La gynocratie d’Agnès Jaoui dans L’Uomo Femina

Photos de répétition © Opéra de Dijon

Signé Baldassare Galuppi, L’Uomo Femina se déploie dans une gynocratie tyrannique. Entretien avec Agnès Jaoui, qui met en scène cette pépite baroque. 

Après le tube Tosca en 2019, L’Uomo Femina, dont la partition a été retrouvée en 2006, est votre deuxième mise en scène d’opéra : qu’est-ce qui vous a attirée dans ce dramma giocoso de 1762 ? 
Le sujet m’a passionnée, puisque l’action se déroule sur une île où les femmes gouvernent d’une main de fer, tandis que les hommes sont dévolus aux tâches ménagères, s’occupent à se faire beaux… Fragiles et futiles, ils sont le “sexe faible”. 

Comment représenter ce monde matriarcal ?
Pour les costumes, je n’avais pas envie de montrer les femmes en hommes et vice-versa, mais me poser des questions simples : comment habiller les hommes pour qu’ils séduisent l’autre sexe ? Par quel moyen les érotiser ? À quelle partie du corps s’intéresser ? J’ai souhaité les rendre à la fois désirables, les contraindre – car les femmes l’étaient avec leurs corsets – et les montrer vulnérables. Cela m’a fait beaucoup réfléchir à ce qu’étaient le masculin et le féminin. Pour le décor, je me suis tournée vers une architecture mauresque, un harem inversé en quelque sorte, où les mâles sont prisonniers. 

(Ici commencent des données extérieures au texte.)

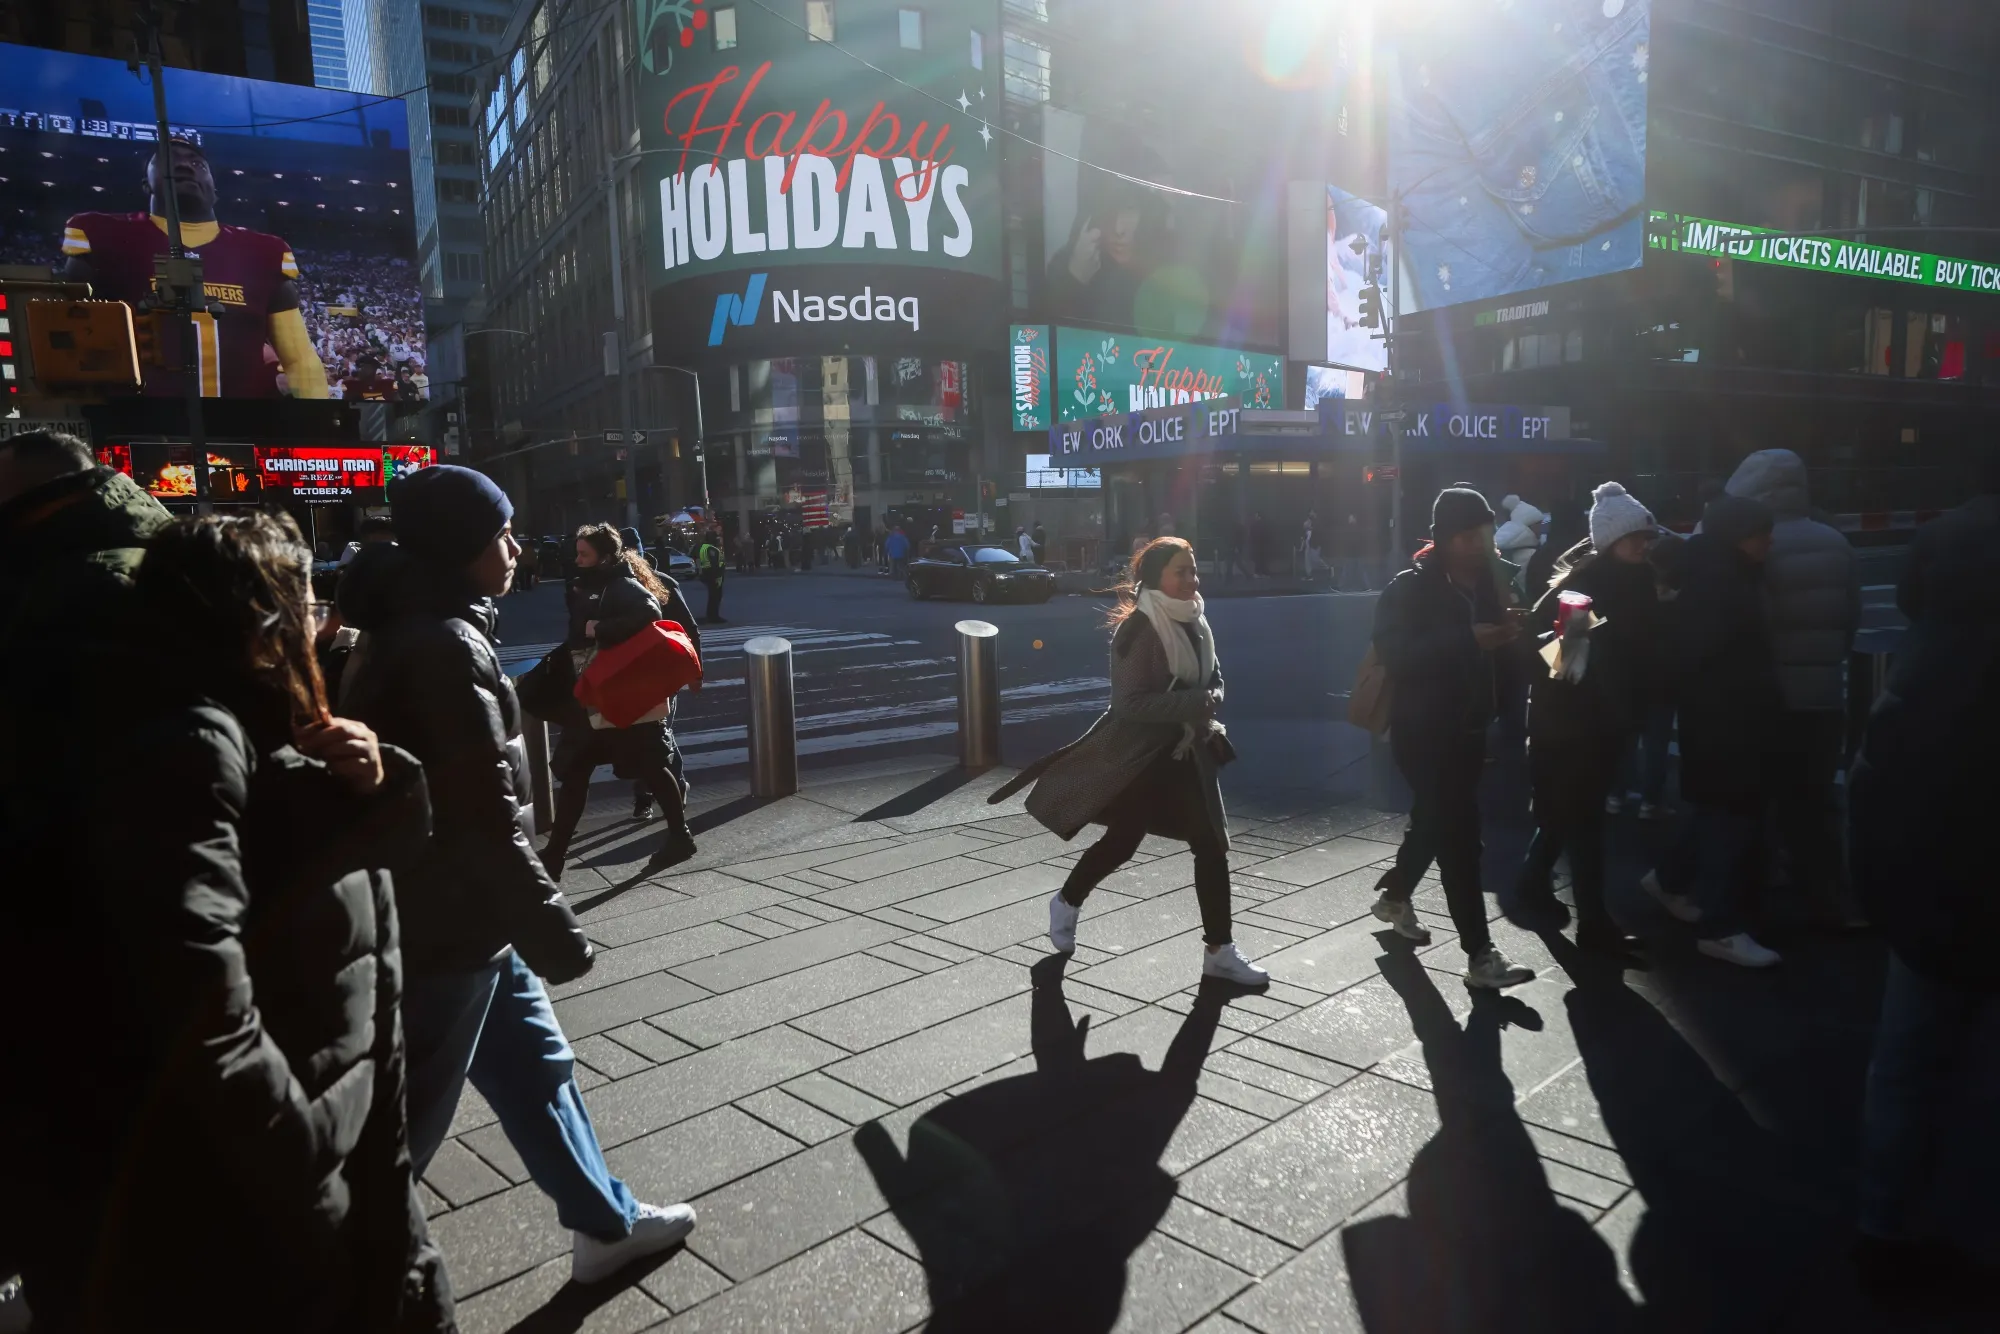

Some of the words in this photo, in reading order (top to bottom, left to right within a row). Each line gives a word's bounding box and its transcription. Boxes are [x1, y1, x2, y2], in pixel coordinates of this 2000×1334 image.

Cette inversion complète est très contemporaine…
L’Uomo Femina entre en résonance avec les débats féministes les plus actuels, mais ce thème traverse les âges. Quand j’ai travaillé sur cet opéra, j’avais notamment en tête le mythe d’Omphale, où Hercule est sous le joug de cette reine, souvent représentée avec un sceptre phallique, tandis que le héros file la laine ! Toutes ces histoires questionnent la soumission et les rôles attribués par la société aux hommes et aux femmes. 

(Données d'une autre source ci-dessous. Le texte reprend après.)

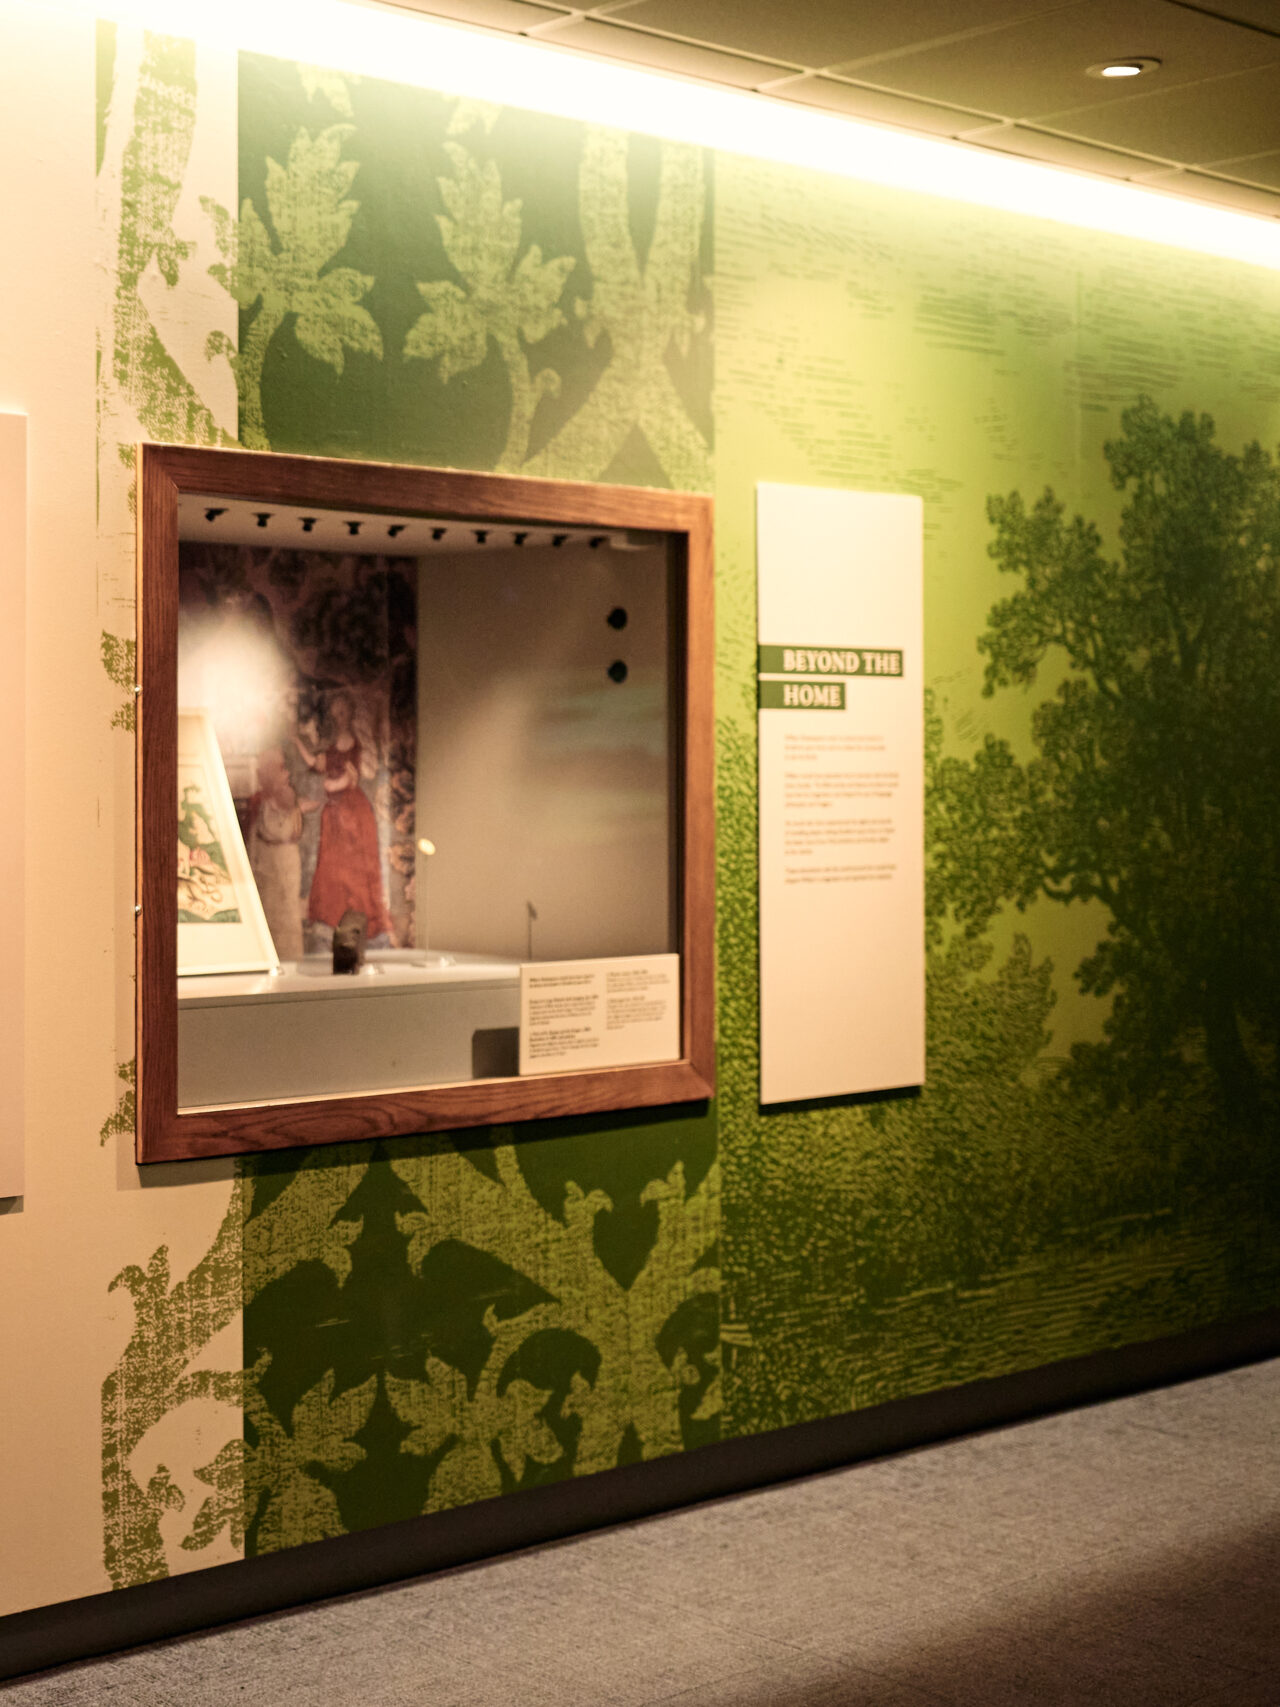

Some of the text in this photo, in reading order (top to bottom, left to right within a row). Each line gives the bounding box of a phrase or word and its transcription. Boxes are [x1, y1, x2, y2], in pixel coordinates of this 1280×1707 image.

[782, 649, 901, 674] BEYOND THE
[783, 684, 842, 707] HOME
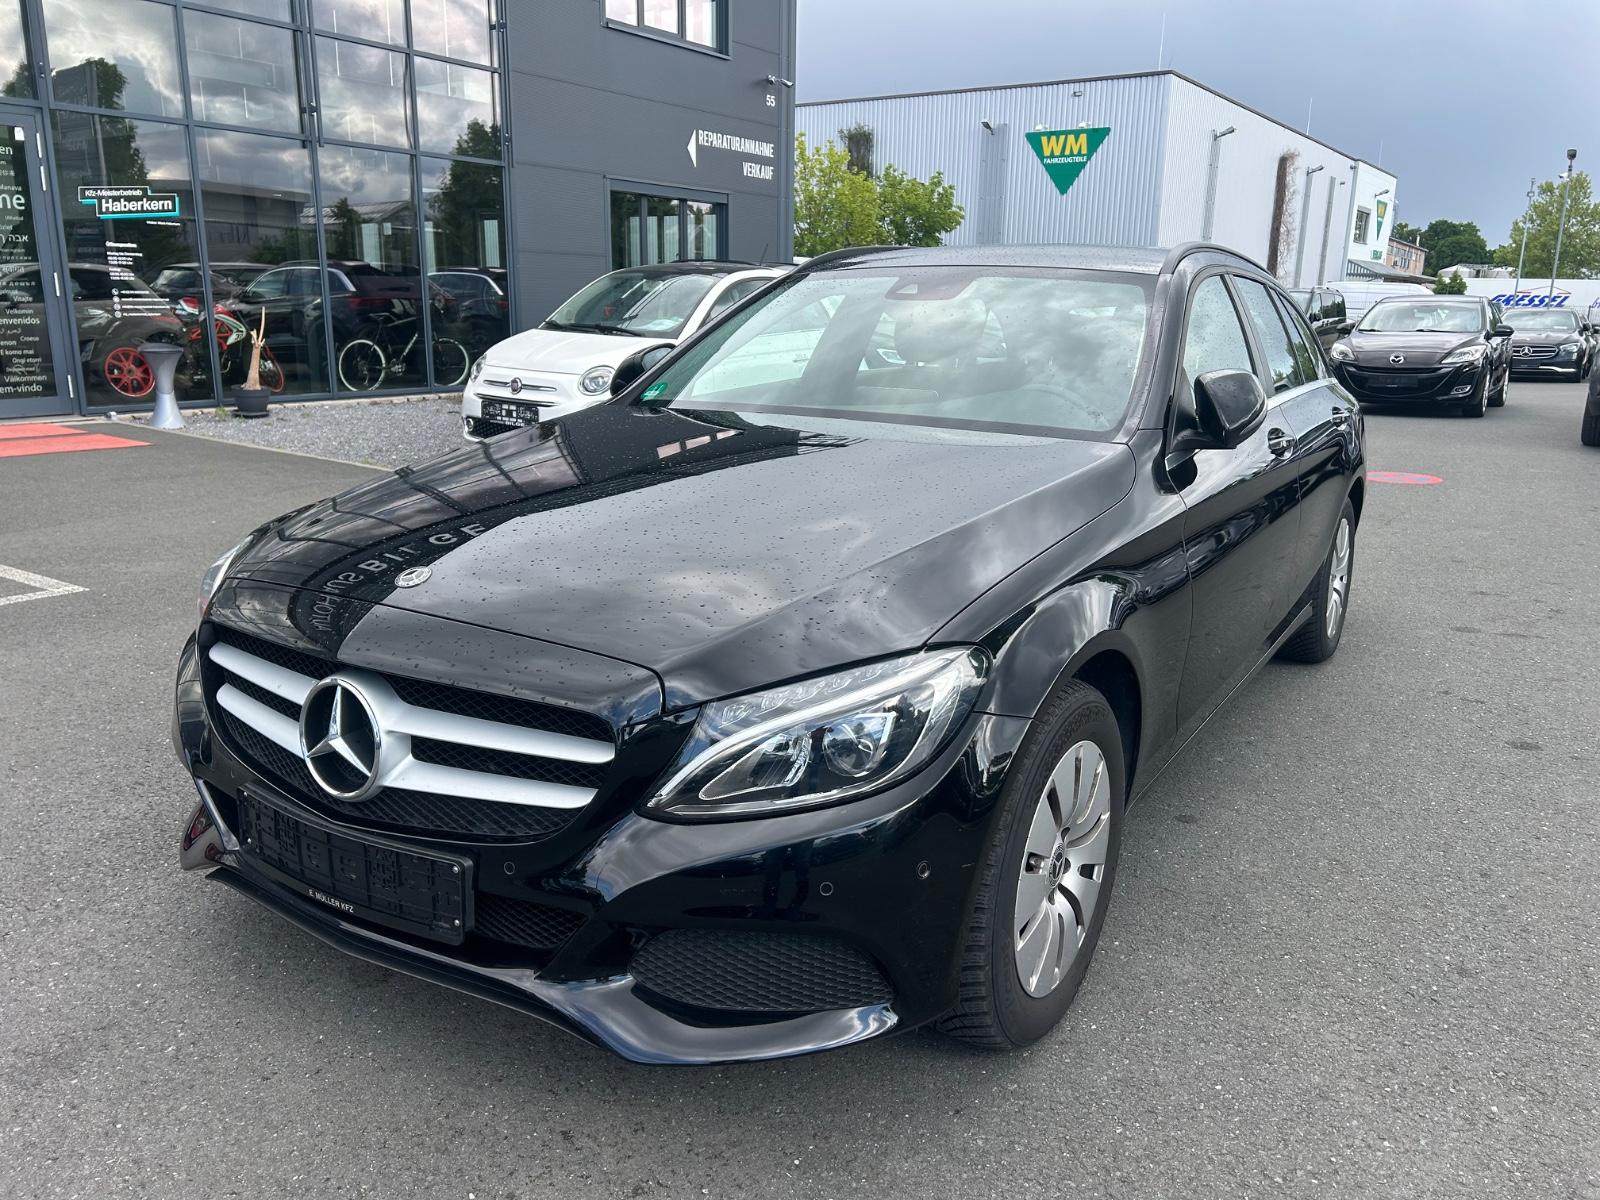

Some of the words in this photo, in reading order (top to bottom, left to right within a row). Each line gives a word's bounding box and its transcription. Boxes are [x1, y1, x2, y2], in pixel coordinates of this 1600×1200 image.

[766, 94, 776, 107] 55
[698, 129, 774, 158] REPARATURANNAHME
[1041, 133, 1087, 156] WM
[742, 161, 774, 180] VERKAUF
[84, 189, 143, 197] Kfz-Meisterbetrieb
[101, 198, 172, 212] Haberkern

Vous avez dirigé des acteurs, que ce soit au cinéma ou au théâtre : le modus operandi est-il identique avec des chanteurs ? 
La précision nécessaire est la même. Par exemple, j’ai beaucoup travaillé en amont sur la gestuelle : quelles sont les attitudes féminines ou masculines ? Comment l’espace est-il occupé selon le sexe ? Comment les corps se comportent-ils les uns avec les autres dans un rapport de domination ? Ma formation de chanteuse classique [Agnès Jaoui a étudié au Conservatoire à l’aube de sa carrière, NDLR] m’aide aussi beaucoup pour savoir ce que je peux demander et ce que je ne peux pas demander. 

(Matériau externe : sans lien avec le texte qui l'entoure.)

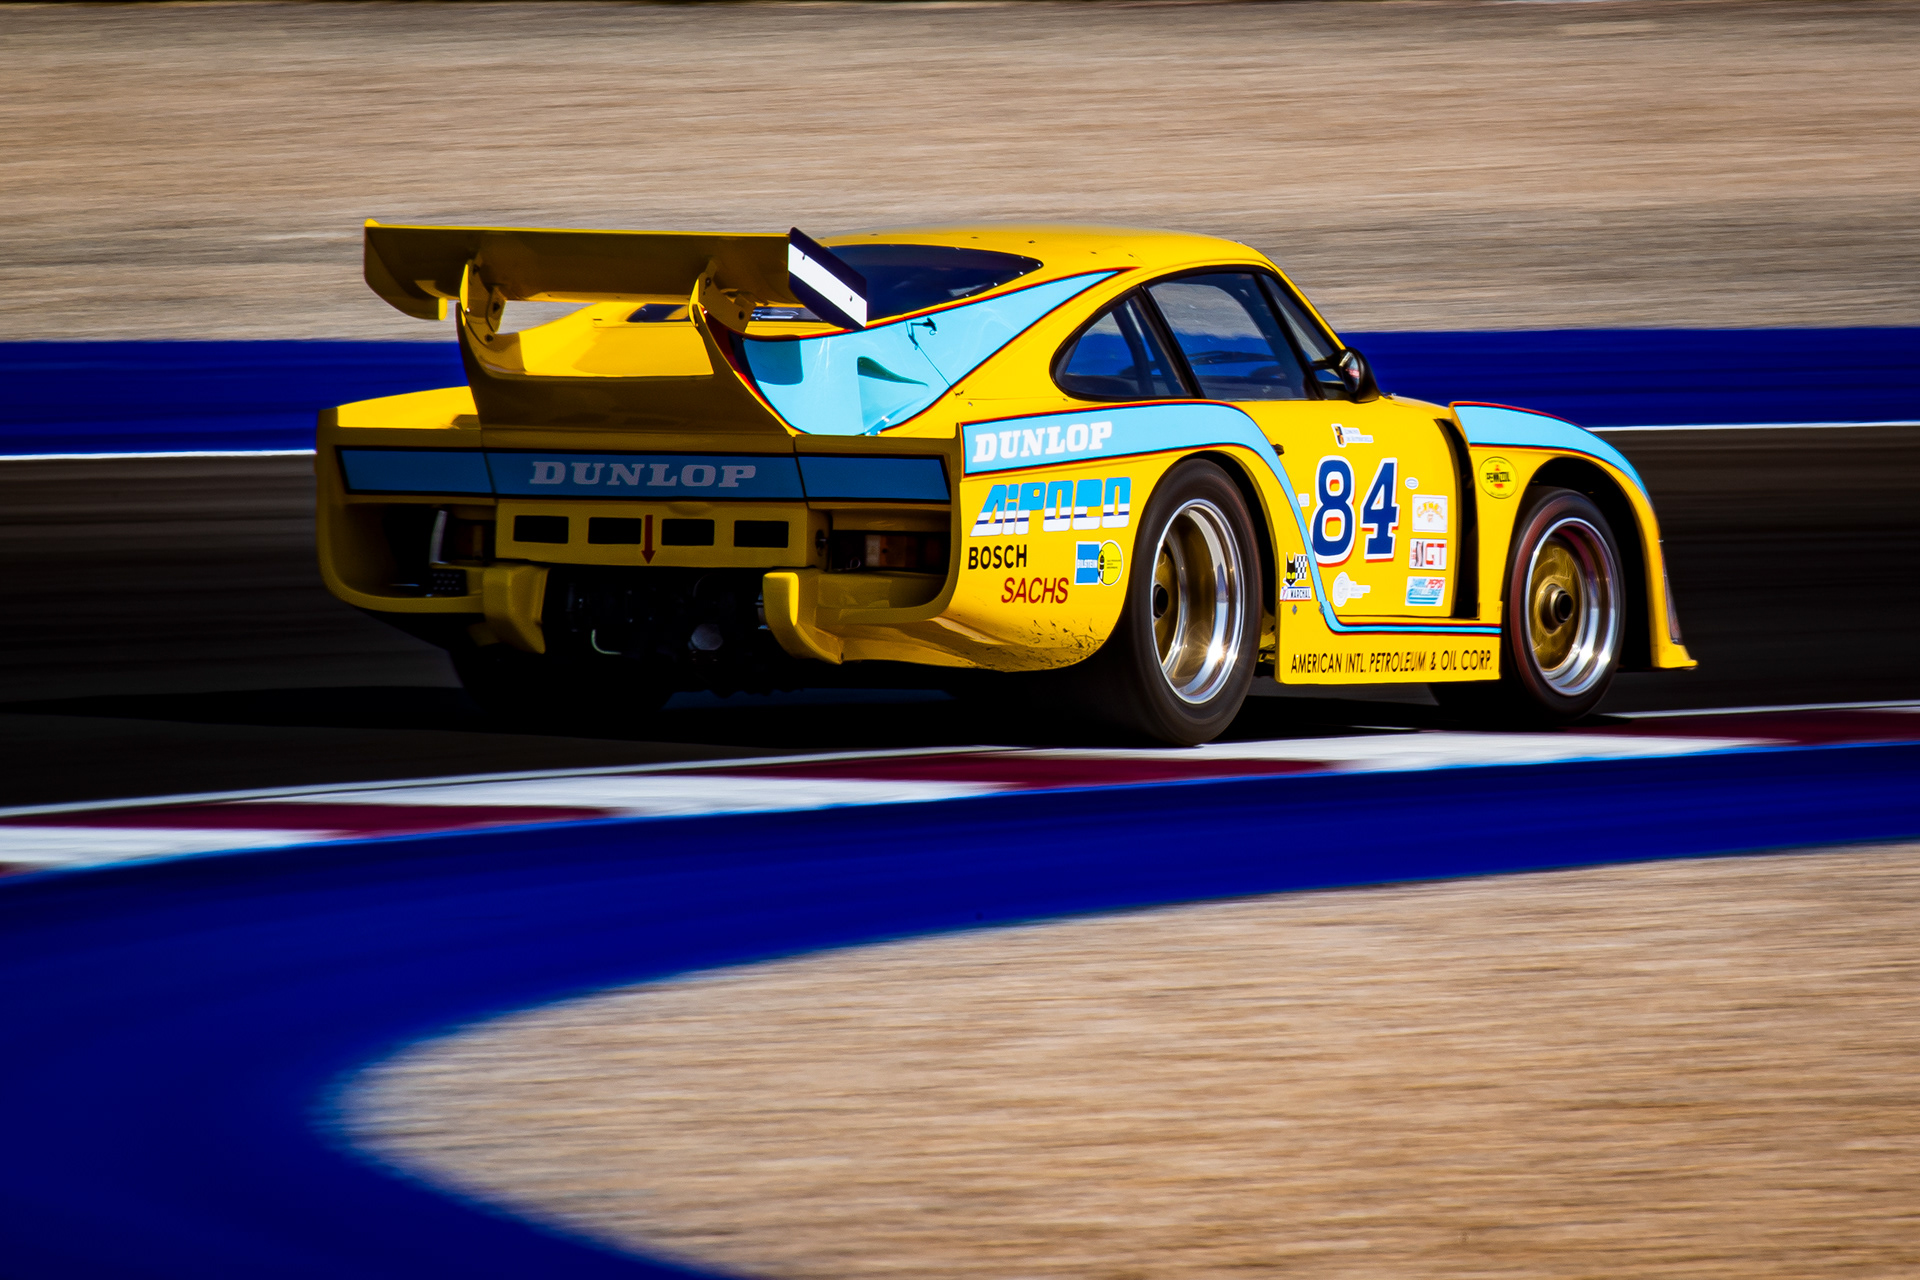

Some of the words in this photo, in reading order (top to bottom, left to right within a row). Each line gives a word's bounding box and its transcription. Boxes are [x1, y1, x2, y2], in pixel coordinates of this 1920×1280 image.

[972, 421, 1112, 462] DUNLOP
[529, 461, 757, 487] DUNLOP
[1311, 456, 1398, 563] 84
[968, 544, 1028, 570] BOSCH
[1425, 543, 1447, 565] GT
[1001, 577, 1069, 604] SACHS
[1291, 652, 1343, 674] AMERICAN
[1369, 651, 1427, 673] PETROLEUM
[1430, 651, 1437, 670] &
[1441, 649, 1457, 671] OIL
[1460, 649, 1493, 671] CORP.

Cette production a-t-elle généré de nouveaux désirs d’opéra ?
Oui, si je pouvais mettre en scène tous les opéras, je le ferais [rires]. Plus sérieusement, je vais monter Don Giovanni de Mozart au Capitole de Toulouse, la saison prochaine. Et entre-temps, j’ai écrit un film qui se passe pendant la mise en scène des Noces de Figaro, qui sortira dans deux ans.